One day when I was about six, I was walking with my dad in New York City. We noticed that someone had stuck little folded squares of paper under the windshield wipers of the cars parked on the street beside us. My father picked one up and read it. I saw his face grow dark with anger.
“What is it, Papa?”
“It’s a message from people who think that all Jews should be killed.”
This would have been in the late 1950s, a time when the Nazi extermination of millions of Jews in Europe was still fresh in the American consciousness. Not, you might have thought, a good season for sowing murderous antisemitism in lower Manhattan. Already aware that, being the daughter of a Jewish father and gentile mother, I was myself a demi-semite, I was worried. I knew that these people wanted to kill my father, but with a typical child-centered focus, I really wanted to know whether the gentile half of my heredity would protect me in the event of a new Holocaust.
“Would they kill me, too?” I asked.
Yes, he told me, they would if they could. But he then reassured me that such people would never actually have the power to do what they wanted to. It couldn’t happen here.
I must admit that I’m grateful my father died before Donald Trump became president, before tiki-torch-bearing Nazi wannabes seeking to “Unite the Right” marched through Charlottesville, Virginia, in 2017, chanting “Jews will not replace us!” before one of them drove his car into a crowd of counterdemonstrators, killing Heather Heyer, and before President Trump responded to the whole event by declaring that “you also had people that were very fine people, on both sides.”

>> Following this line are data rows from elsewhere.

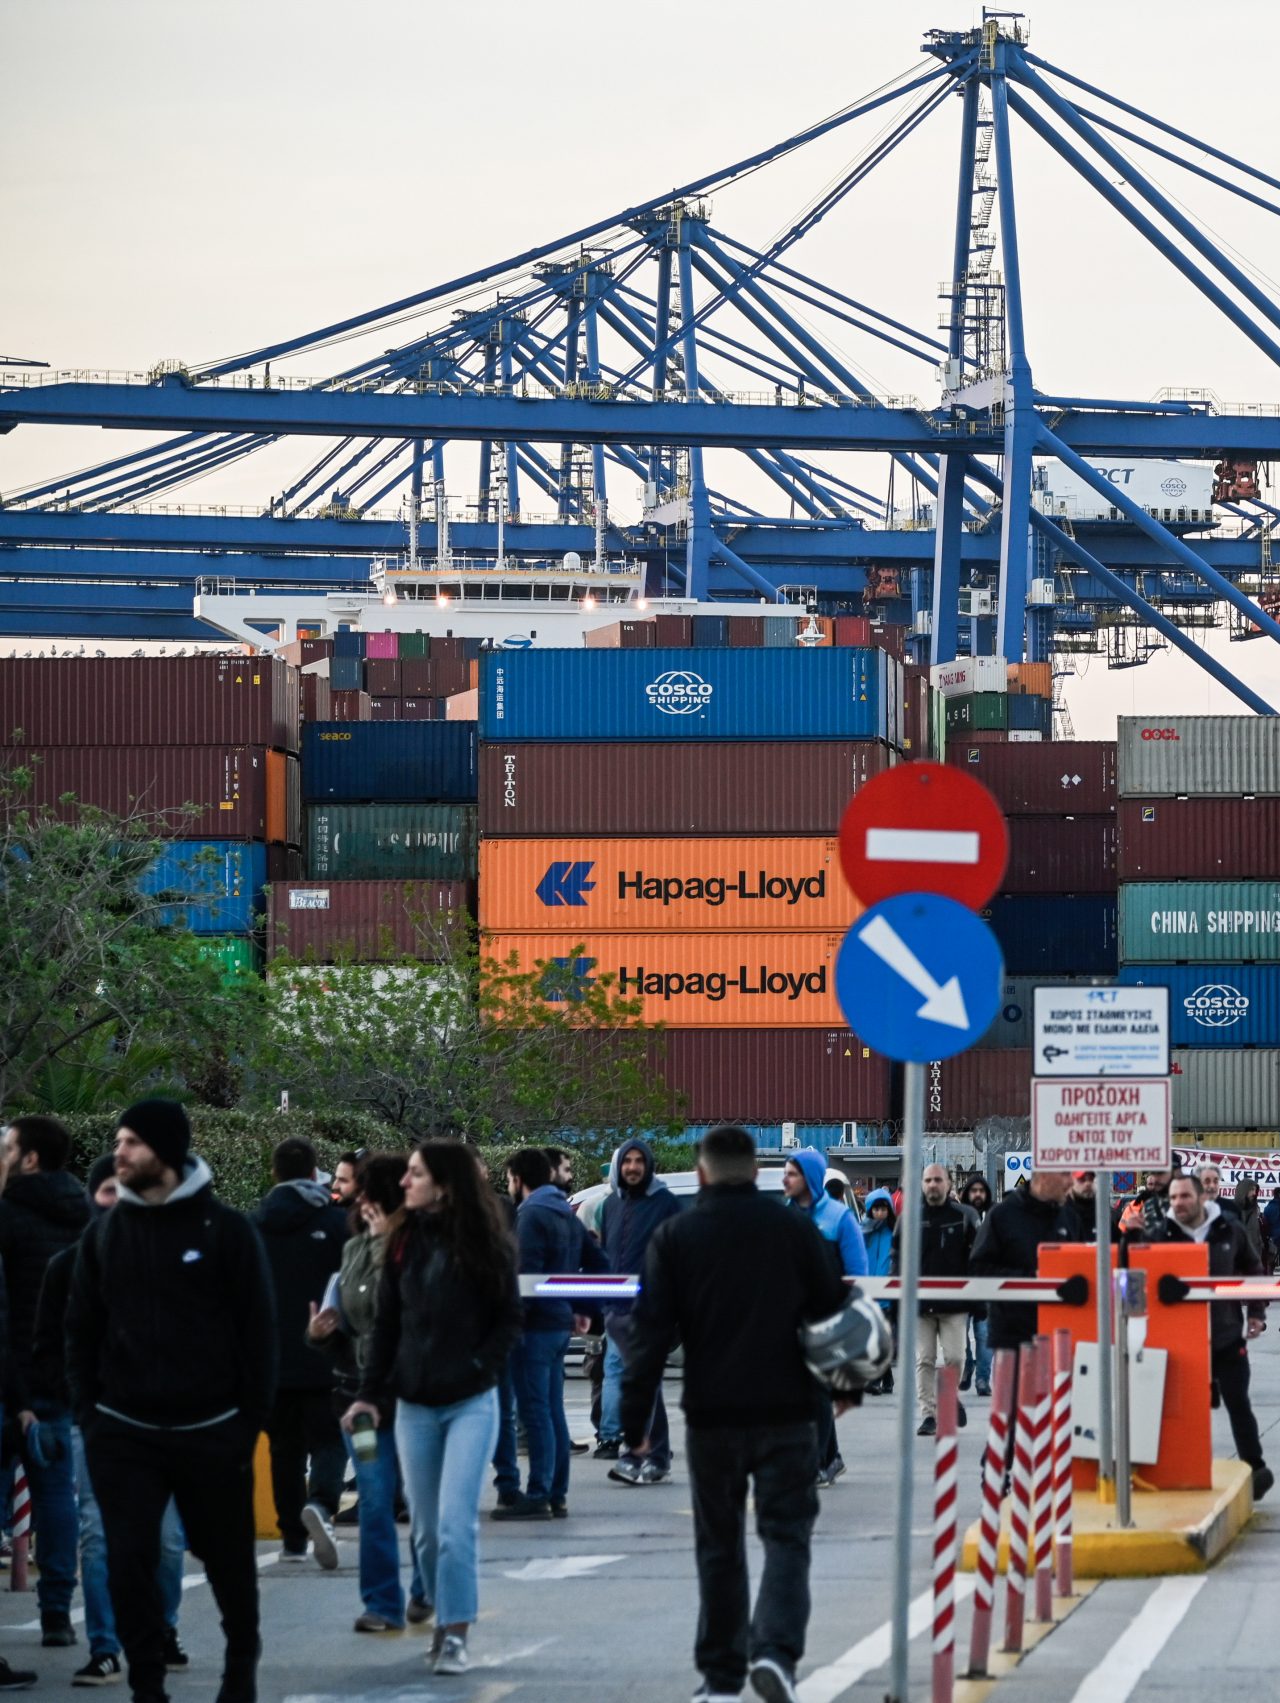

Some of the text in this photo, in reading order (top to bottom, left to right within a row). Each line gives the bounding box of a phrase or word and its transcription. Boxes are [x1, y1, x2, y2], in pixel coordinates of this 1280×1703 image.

[645, 684, 713, 696] COSCO
[648, 696, 710, 704] SHIPPING
[320, 732, 352, 740] seaco
[1141, 728, 1180, 741] OOCL
[504, 755, 516, 807] TRITON
[618, 870, 826, 905] Hapag-Lloyd
[1151, 911, 1199, 934] CHINA
[618, 966, 827, 1001] Hapag-Lloyd
[1183, 996, 1250, 1009] COSCO
[1186, 1009, 1247, 1017] SHIPPING
[930, 1061, 942, 1111] TRITON
[1061, 1086, 1141, 1107] ΠΡΟΣΟΧΗ
[1055, 1111, 1148, 1126] ΟΔΗΓΕΙΤΕ ΑΡΓΑ
[1069, 1129, 1134, 1145] ΕΝΤΟΣ ΤΟΥ
[1040, 1146, 1162, 1162] ΧΩΡΟΥ ΣΤΑΘΜΕΥΣΗΣ

Are queer people the new Jews?
Maybe the grubby little group behind the tracts my father and I saw that day in New York would have let me live. Maybe not. In those days home-grown fascists were rare and so didn’t have that kind of power.
Now, however, there’s a new extermination campaign stalking this country that would definitely include me among its targets: The right-wing Republican crusade against “sexual predators” and “groomers,” by which they mean LGBTQI+ people. (I’m going to keep things simple here by just writing “LGBT” or “queer” to indicate this varied collection of Americans who are presently a prime target of the right wing in this country.)
You may think “extermination campaign” is an extreme way to describe the set of public pronouncements, laws, and regulations addressing the existence of queer people here. Sadly, I disagree. Ambitious would-be Republican presidential candidates across the country, from Florida Governor Ron DeSantis to the less-known governor of North Dakota, Doug Burgum, are using anti-queer legislation to bolster their primary campaigns. For Florida, it started in July 2022 with DeSantis’s Parental Rights in Education act (better known as his “Don’t Say Gay” law), which mandated that, in the state’s public schools,
“Classroom instruction by school personnel or third parties on sexual orientation or gender identity may not occur in kindergarten through grade 3 or in a manner that is not age-appropriate or developmentally appropriate for students in accordance with state standards.”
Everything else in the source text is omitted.